Any job. Sweeping the floor. Working as the ‘boy’ in an uncle’s shop for $40 a month. Pushing bicycles laden with multiple 90kg sacks of grain up hills. Every day two dozen young men sit idly atop concrete walls outside a hotel in Kasese, Uganda, one of 3 towns in East Africa where BBOXX has established a ‘Hub’. But they’re not loitering: they’re waiting for trucks to arrive, offering the chance for a few of them to work that day offloading it for a dollar or two. Uncertain jobs like this are the only jobs available to most young Africans today.
It’s not for a lack of education. In Uganda, for example, 40,000 students graduate from universities each year, but only an estimated 8,000 will find jobs in the formal sector: that’s an 80% unemployment rate among university grads. I once met a boda boda driver who had graduated from Makerere, Uganda’s flagship university—but finding no work in Kampala, had been forced to move back to his village to ferry people and produce around for small sums. Youth in much of Africa are being educated for a future that does not exist.
That’s all changing, with companies like BBOXX creating jobs for youth in rural areas. So far we have 120 full time employees across Rwanda, Uganda, and Kenya; most are under 30, and more than 30% are women. That’s still a small number, but with enough investment we should triple that number by the end of next year, and will employ more than 2,000 people in Africa by 2020.
Patricien Tsangya, Country Technician for Uganda, repairing a PCB
While most off-grid solar companies sell through existing distributors and retailers, BBOXX is opening our own shops in rural areas of Africa. Not only does this improve quality and service standards, it also creates good, local jobs. Each shop BBOXX opens employs a Shop Manager and a Technician, usually recruited from the same rural areas where BBOXX works. Each group of ~10 shops are managed by a central “hub” employing another eight middle management staff.
Simon Bigabwenkya, Shop Manager, and Masika Annet, Pay Plan Officer, opening a shop in Bwera, Uganda
Besides full time staff, BBOXX recruits commission based agents to reach the deep villages and tall mountaintops that we ourselves can’t possibly cover. The best agents can earn a lot of money. Our top agent in East Africa, Munyemana Leopold of Kidaho, Rwanda, earned 8-times his country’s average monthly income per capita when he sold 59 solar systems in October.
Another star agent, Kafude William of mountainous Kyondo Subcounty, Kasese, sold 44 systems in his second month of business. He told me that when he saw how much money had been transferred into his bank account at the end of that month, he called the bank thinking it was a mistake. When they told him it was correct, he had them print out the bank transfer document and slept with it under his pillow, then took his wife for a long-awaited honeymoon.

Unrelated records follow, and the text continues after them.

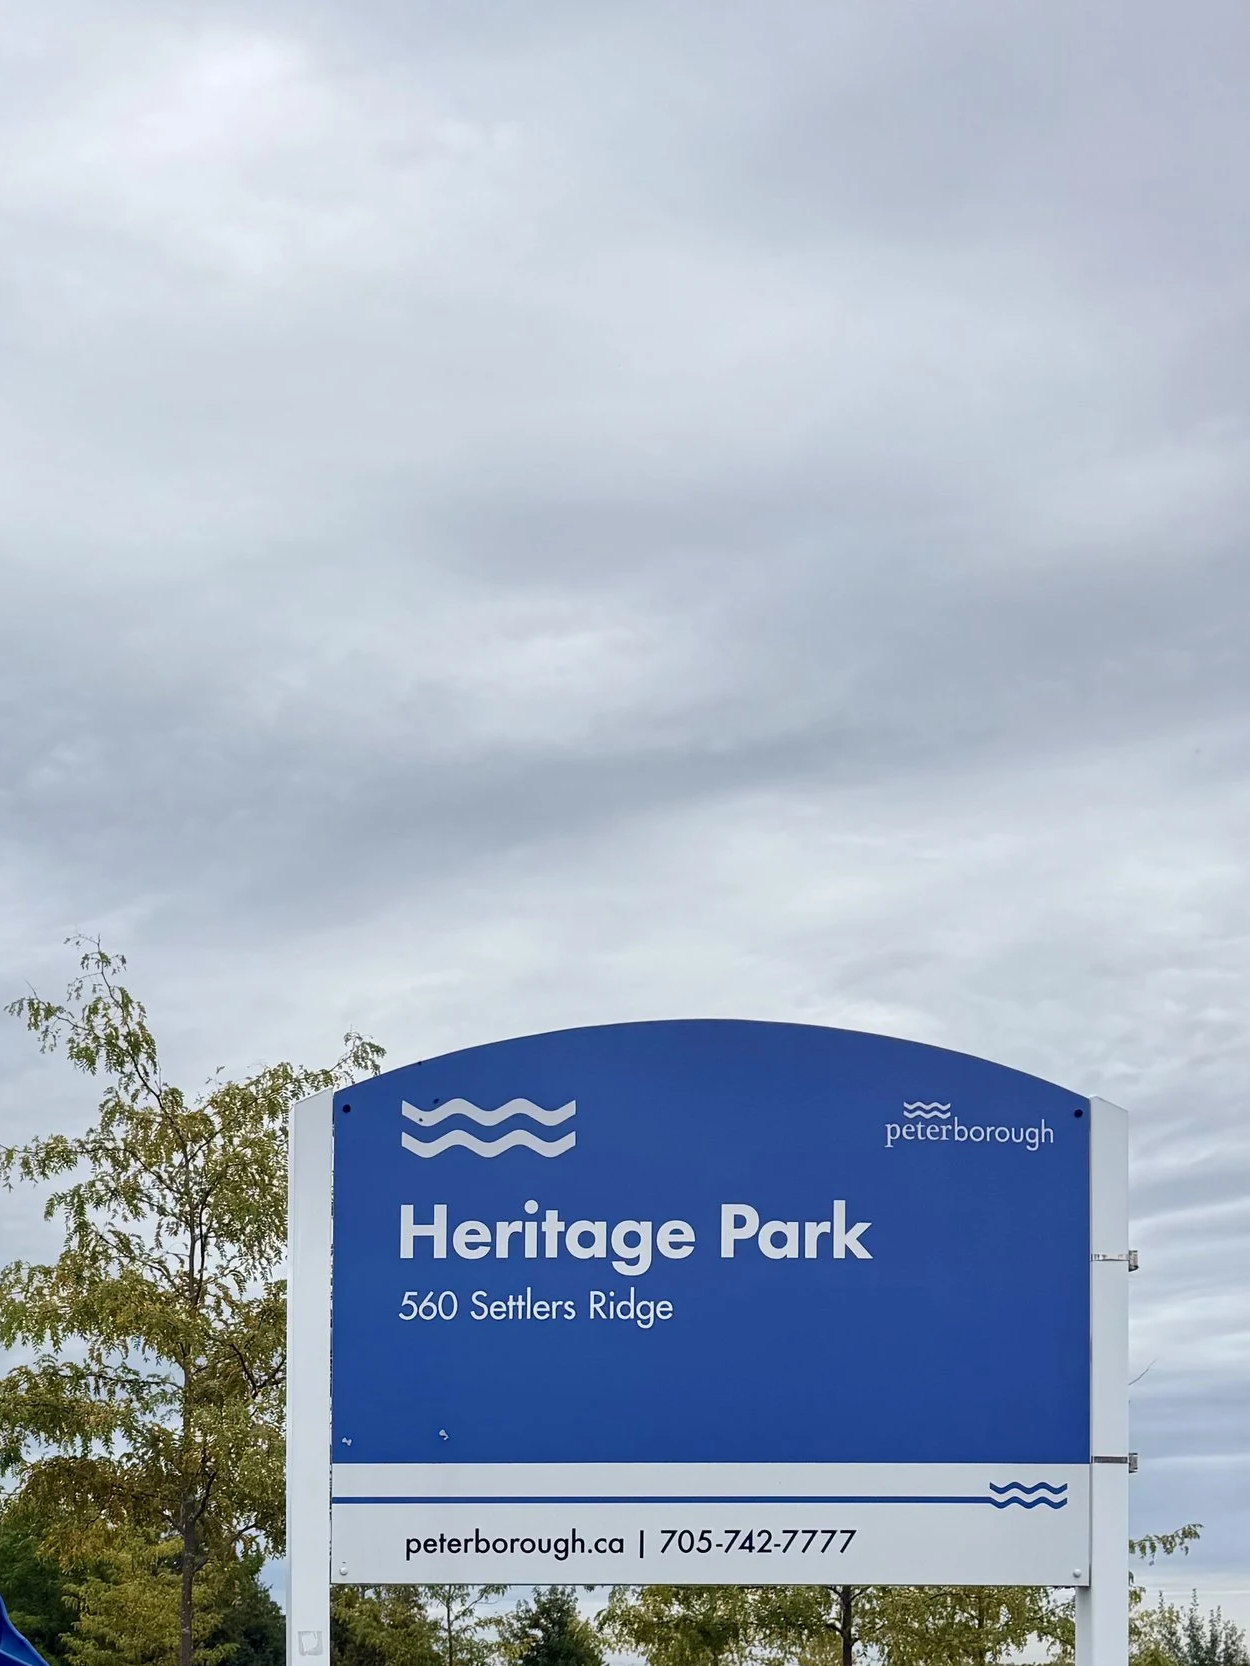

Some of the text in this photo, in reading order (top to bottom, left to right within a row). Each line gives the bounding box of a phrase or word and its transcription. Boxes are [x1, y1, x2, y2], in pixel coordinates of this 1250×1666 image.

[884, 1117, 1054, 1151] peterborough
[399, 1199, 874, 1276] Heritage Park
[398, 1286, 674, 1329] 560 Settlers Ridge
[405, 1527, 624, 1562] peterborough.ca
[660, 1529, 857, 1554] 705-742-7777
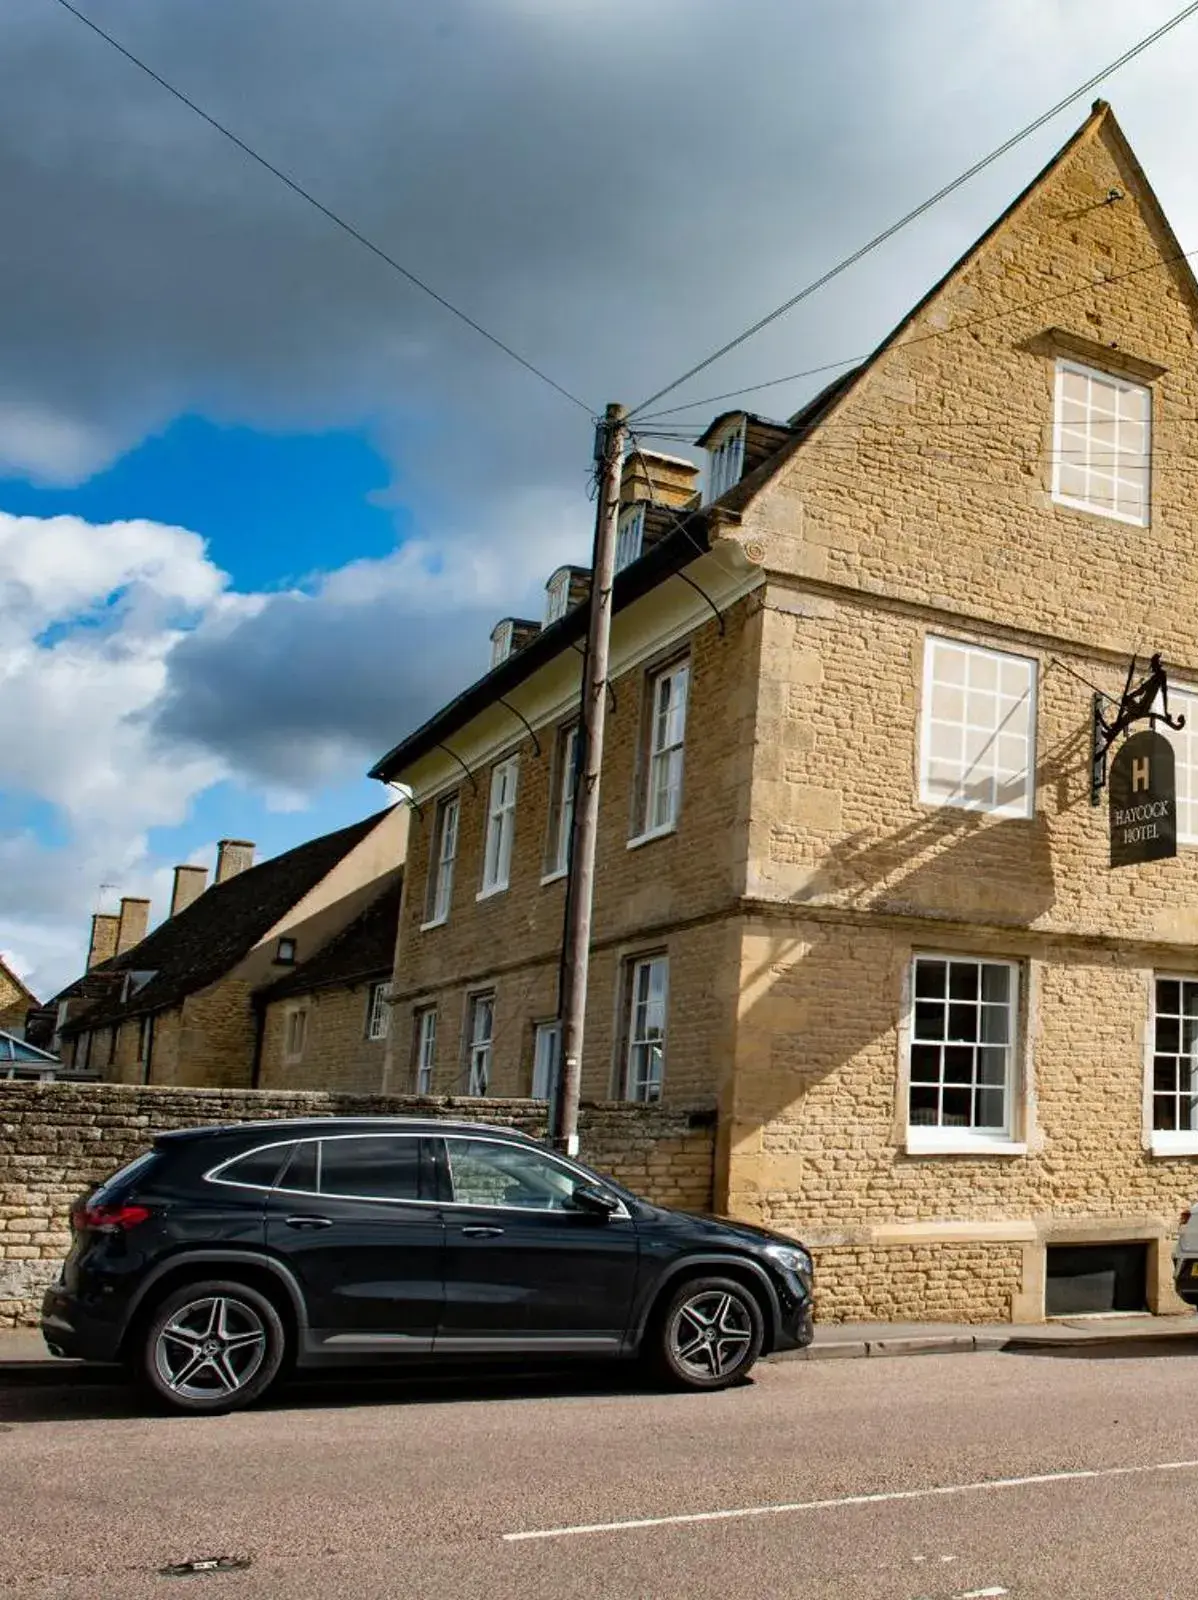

“I’ve never seen that much money before,” he told me. “Ok, I have for my NGO, EPAFO, but that was for projects. This was mine.” As a token of his gratitude, he presented us with a chicken.
Jean Claude, Technician for Kidaho (left) and Leopold, Agent for Kidaho (right)
It’s not just income. Many of the skills we require don’t exist in the places we work. Staff must keep meticulous records of every transaction, use computers, manage cash and stock in line with proper accounting methods, and deliver excellent customer service—all in a part of the world where people are not used to doing business this way.
To cultivate these skills, we are developing a BBOXX Academy based on international best practice research from CEB (my former employer). This Academy takes a long-term approach to staff development, focusing on coaching employees and measuring their actual performance on the job. Entry-level Shop Managers and Technicians are assessed every two weeks after training to ensure they are improving—and they almost invariably are. After they’ve demonstrated proficiency at their new skills in the field, BBOXX will certify them, and they can proceed to intermediate and advanced trainings.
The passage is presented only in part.